Com o papel de ampliar diálogo entre Defensoria Pública do Paraná e população, Karollyne Nascimento inicia mandato nesta sexta-feira (20).

Em eleição virtual, o Conselho Superior da Defensoria Pública do Estado do Paraná elegeu a nova defensora para o próximo biênio. Foto: registro da transmissão

A Defensoria Pública do Paraná tem uma nova ouvidora externa. Eleita com 7 votos pelo Conselho Superior da Defensoria Pública do Estado do Paraná (DPE-PR), Karollyne Nascimento é a nova ouvidora externa do órgão responsável pela assessoria jurídica gratuita à população. Não integrante de carreira da Defensoria Pública, o cargo de ouvidor possui mandato para o biênio 2021/2023 e tem por função realizar escuta à sociedade, colaborando assim para aprimoramento do trabalho da Defensoria. A nova defensora inicia os trabalhos nesta sexta-feira (20).

A eleição virtual na última sexta-feira (13) encerra o processo eleitoral que incluiu etapas de chamada pública, composição de lista tríplice pelo Conselho Permanente de Direitos Humanos do Paraná (Coped) e sabatina às três candidatas ao cargo.

A lista tríplice já trazia um forte caráter emblemático ao ser composta exclusivamente por mulheres negras, e de extensa militância social. Além de Karollyne, concorreram à vaga Andreia de Lima e Eliza Ferreira. Agora, o resultado das eleições inscreve esta eleição como uma marco histórico: Karollyne é a primeira ouvidora externa trans eleita no país.

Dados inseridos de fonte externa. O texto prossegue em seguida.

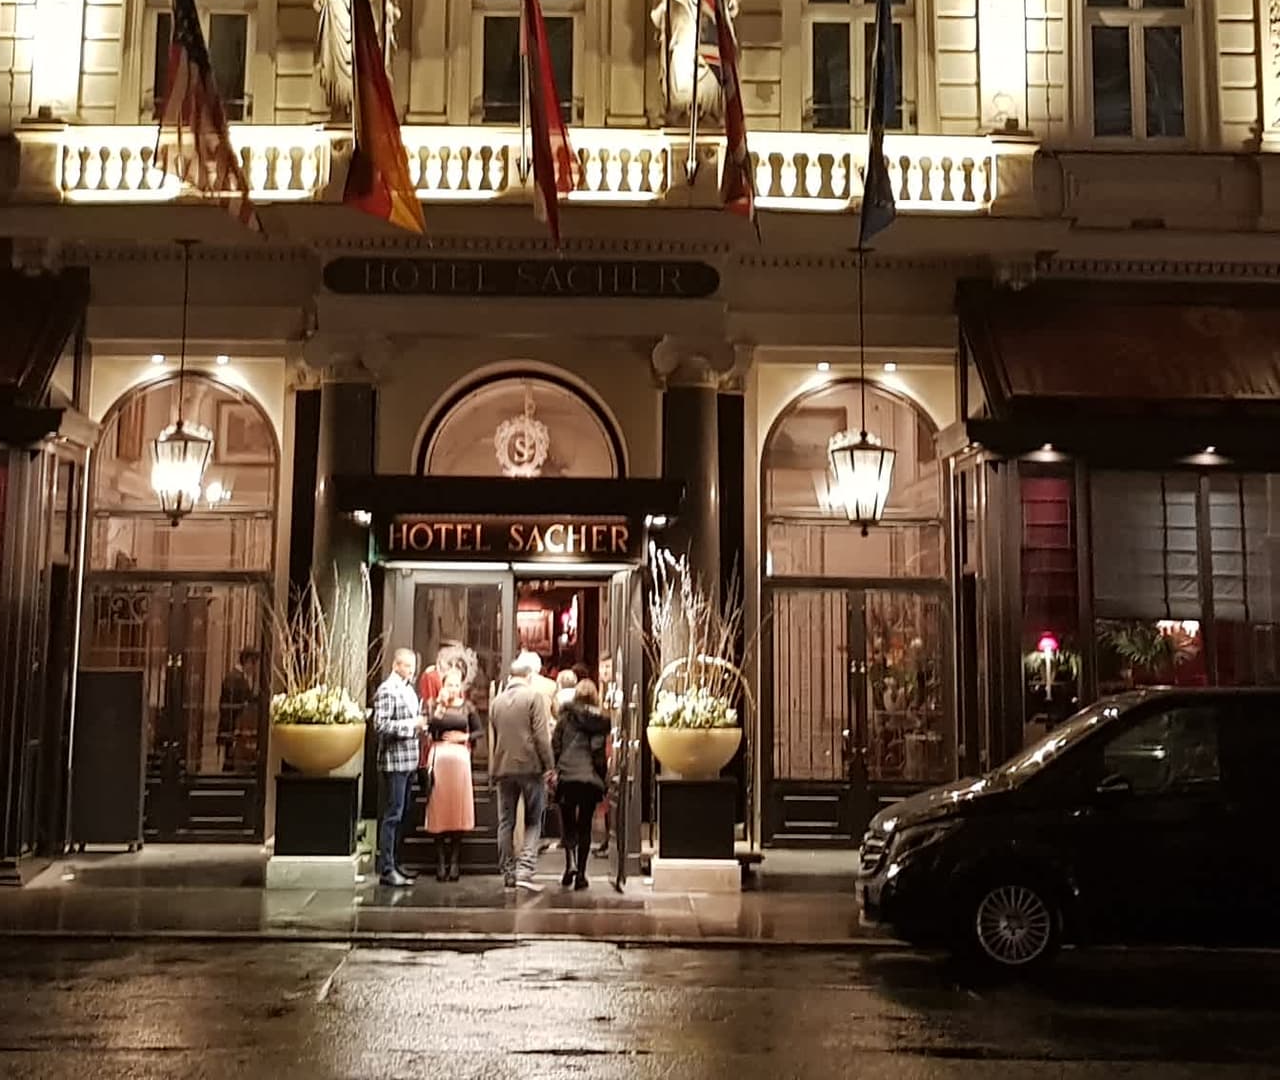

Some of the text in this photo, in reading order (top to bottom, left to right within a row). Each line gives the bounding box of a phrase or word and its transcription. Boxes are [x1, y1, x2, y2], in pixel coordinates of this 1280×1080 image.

[364, 262, 684, 294] HOTEL SACHER
[388, 522, 629, 552] HOTEL SACHER

“Não sou eu, Karol, a ser eleita, sou uma representatividade para esta população [trans], uma visibilidade que a gente não tem. Hoje temos algumas advogadas e advogados que conseguiram romper alguns ciclos e ultrapassar a expectativa de vida que transexuais e travestis tem nesse mundo. Não é uma conquista minha, é uma conquista nossa”, destacou a nova ouvidora ao receber o resultado do pleito e enfatizar a ausência da população trans em diferentes assentos do sistema de justiça, em especial nos de maior poder da Defensoria, Promotoria e Tribunal de Justiça.

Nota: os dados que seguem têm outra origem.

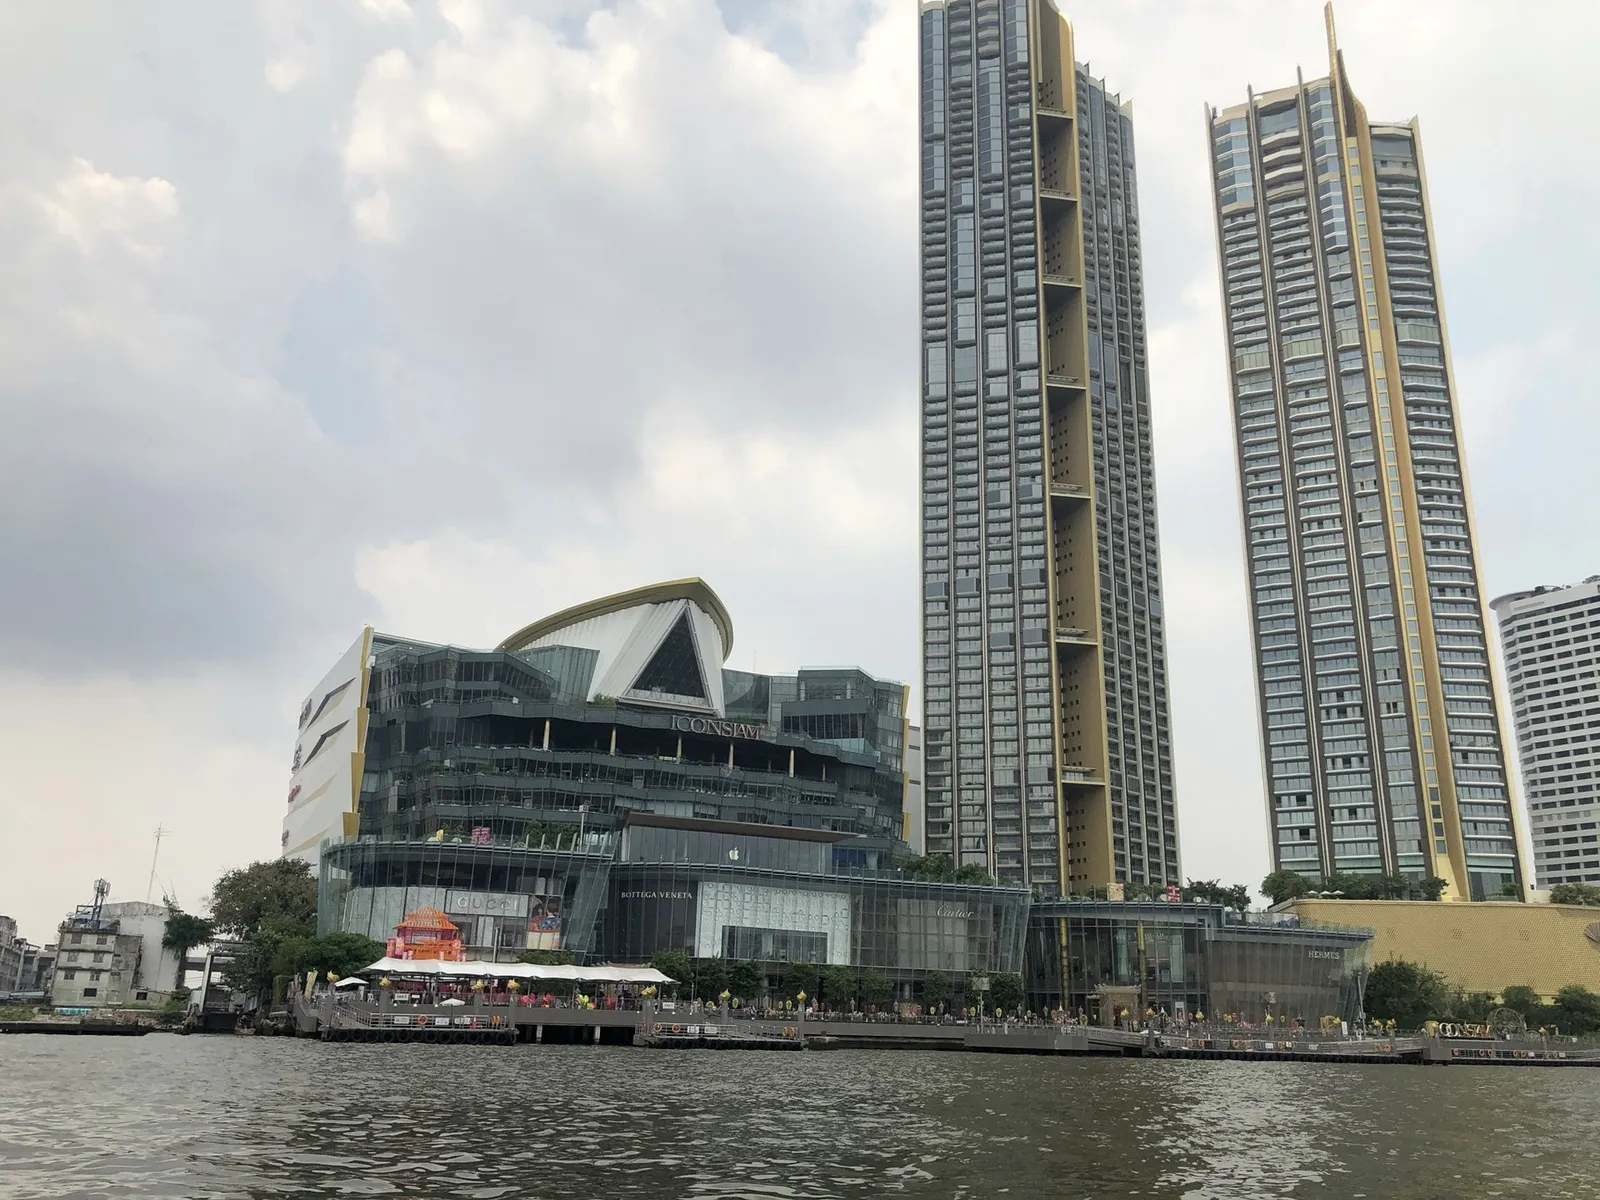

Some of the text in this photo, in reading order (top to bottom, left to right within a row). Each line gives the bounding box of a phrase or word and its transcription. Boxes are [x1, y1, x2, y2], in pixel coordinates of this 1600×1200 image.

[670, 715, 762, 741] ICONSIAM
[621, 891, 657, 899] BOTTEGA
[457, 896, 518, 911] GUCCI
[936, 905, 974, 918] Cartier

Para Daisy Ribeiro, assessora jurídica da Terra de Direitos, esta eleição sinaliza a importância da democratização do sistema de justiça, alcançando uma pluralidade de perfis, a partir de recortes de classe, raça, gênero e regionalidade.

Presentes em estados como São Paulo, Rio de Janeiro, Bahia e Paraná, entre outros, a ouvidoria externa está prevista na Lei Orgânica Nacional da Defensoria Pública e é regulamentada por normativas estaduais. No Paraná a instância é regulamentada pela Lei Orgânica da Defensoria Pública do Estado do Paraná, nº 136/2011.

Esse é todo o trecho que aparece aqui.